Every entry should come back exactly as written, minus the pictures.

Supplied records
-- -- --

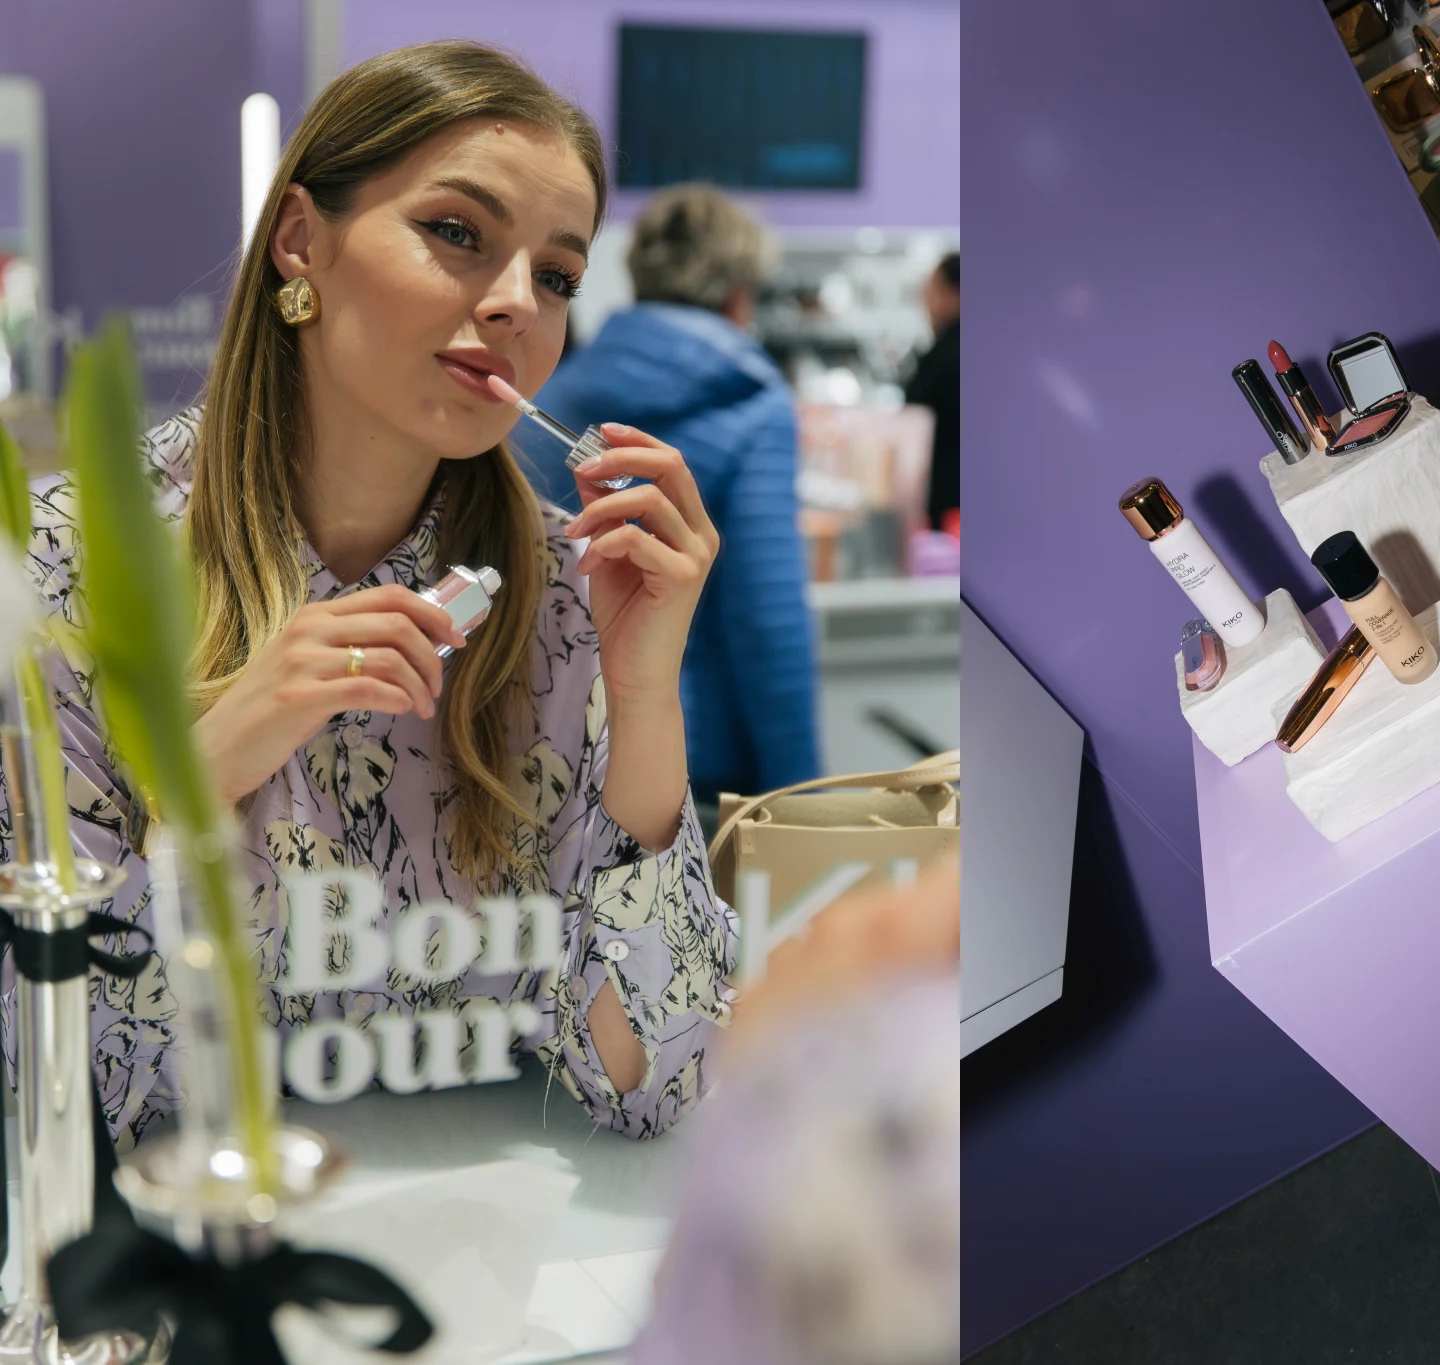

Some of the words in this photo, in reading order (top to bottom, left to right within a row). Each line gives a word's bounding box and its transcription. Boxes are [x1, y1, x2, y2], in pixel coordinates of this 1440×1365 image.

[1343, 442, 1358, 450] KIKO
[1165, 552, 1190, 568] HYDRA
[1170, 563, 1186, 573] PRO
[1175, 565, 1196, 580] GLOW
[1221, 611, 1243, 628] KIKO
[1400, 645, 1425, 668] KIKO
[279, 869, 566, 991] Bon
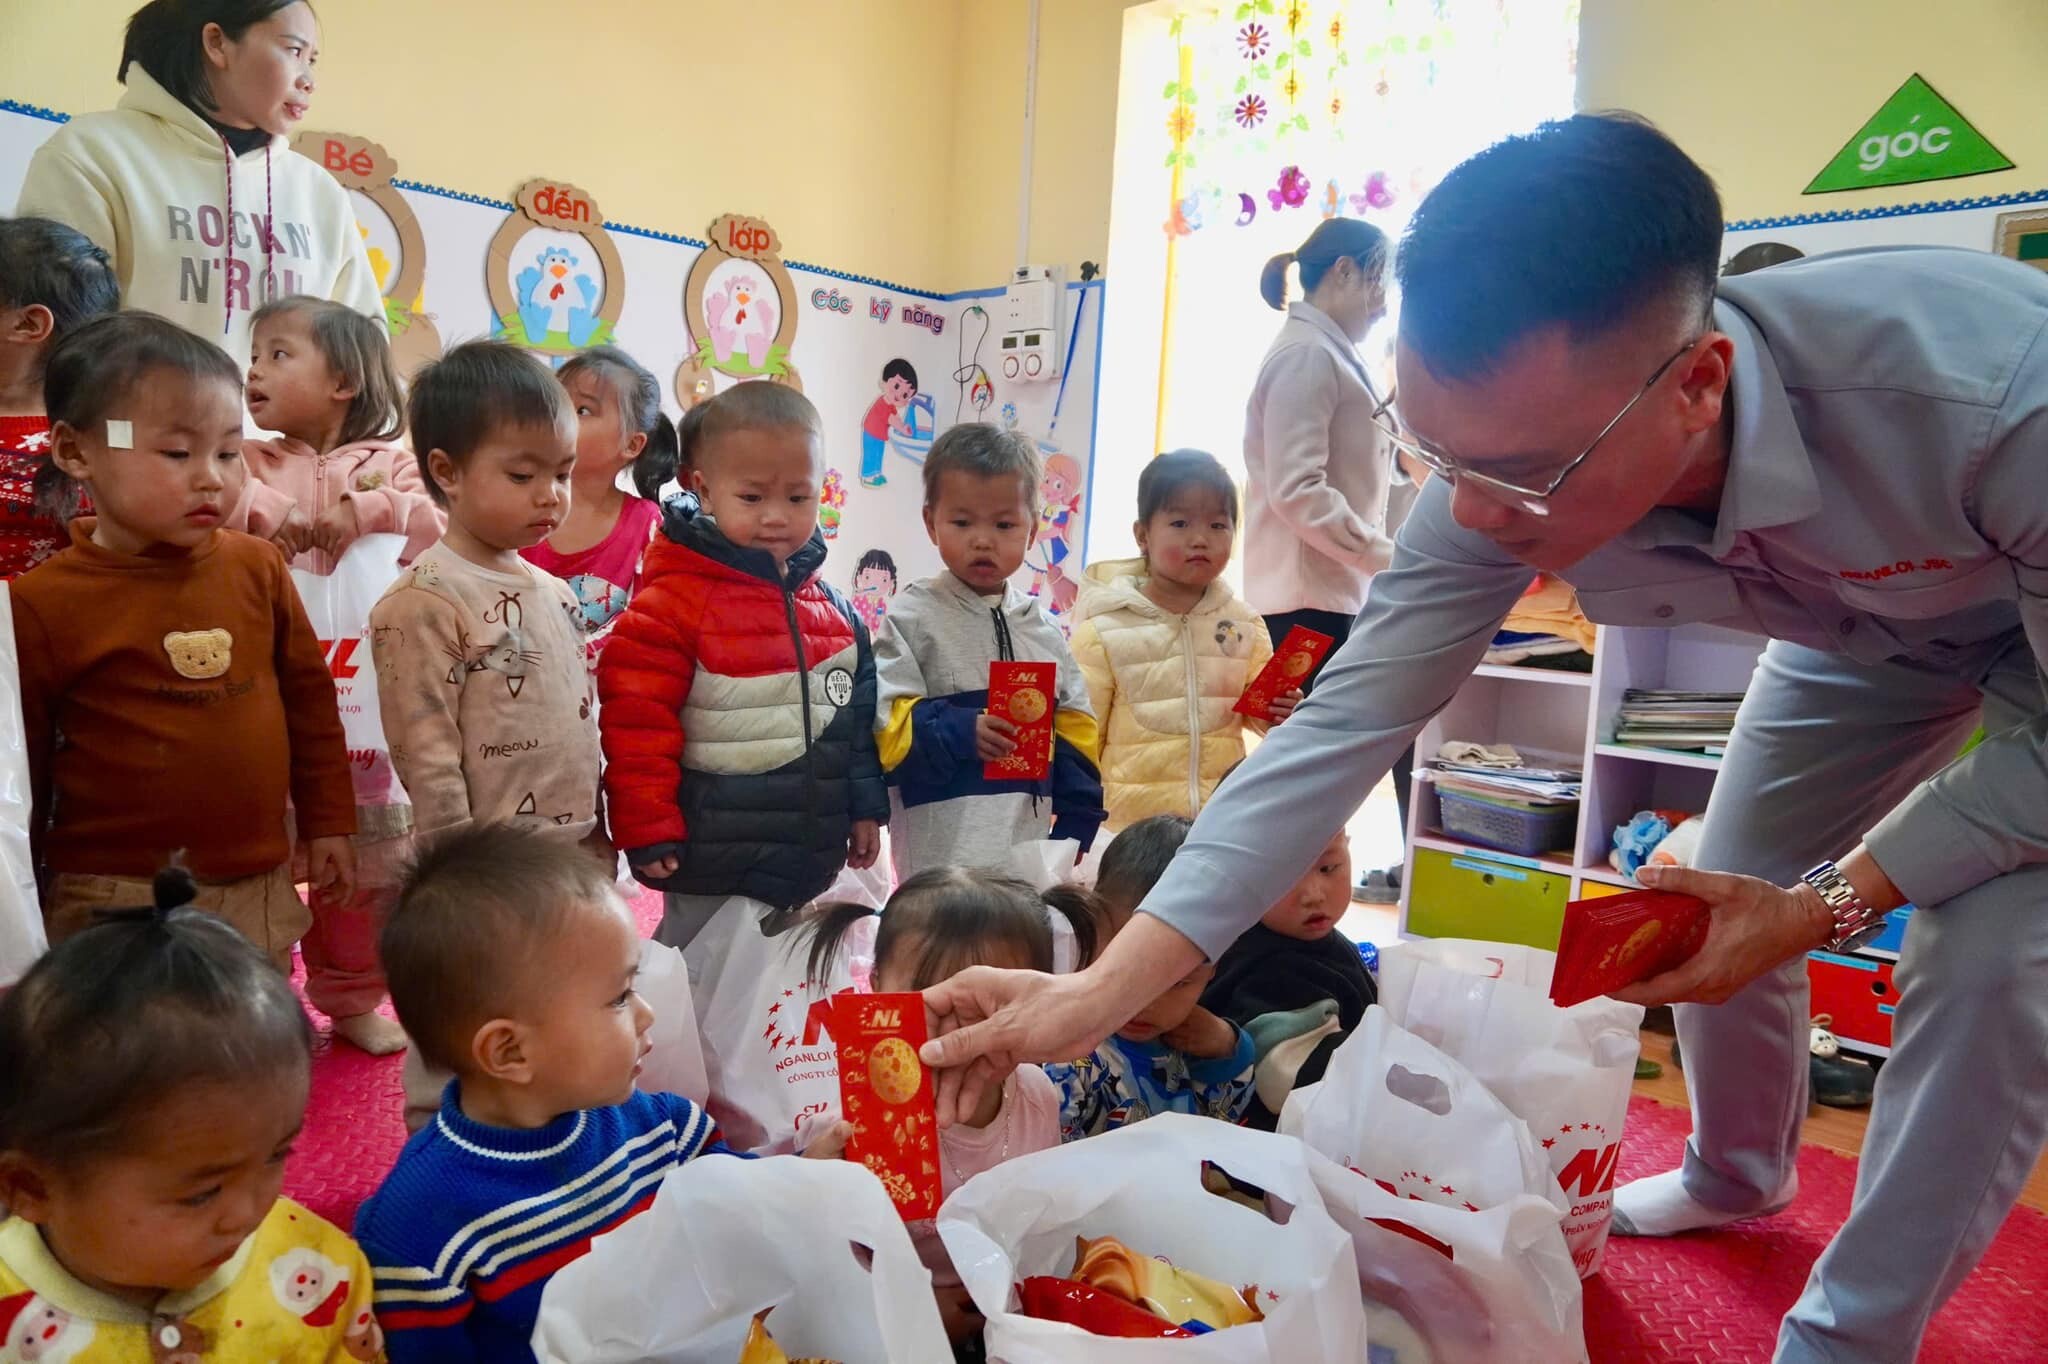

-- -- --

Solution
Some of the words in this photo, in reading order (top to bottom, left to right within a row). Each line gives a word's bounding box and its transcription. Boxes are [x1, y1, x2, y2], in pixel coordinates of this 1440×1365 image.

[1343, 442, 1358, 450] KIKO
[1165, 552, 1190, 568] HYDRA
[1170, 563, 1186, 573] PRO
[1175, 565, 1196, 580] GLOW
[1221, 611, 1243, 628] KIKO
[1400, 645, 1425, 668] KIKO
[279, 869, 566, 991] Bon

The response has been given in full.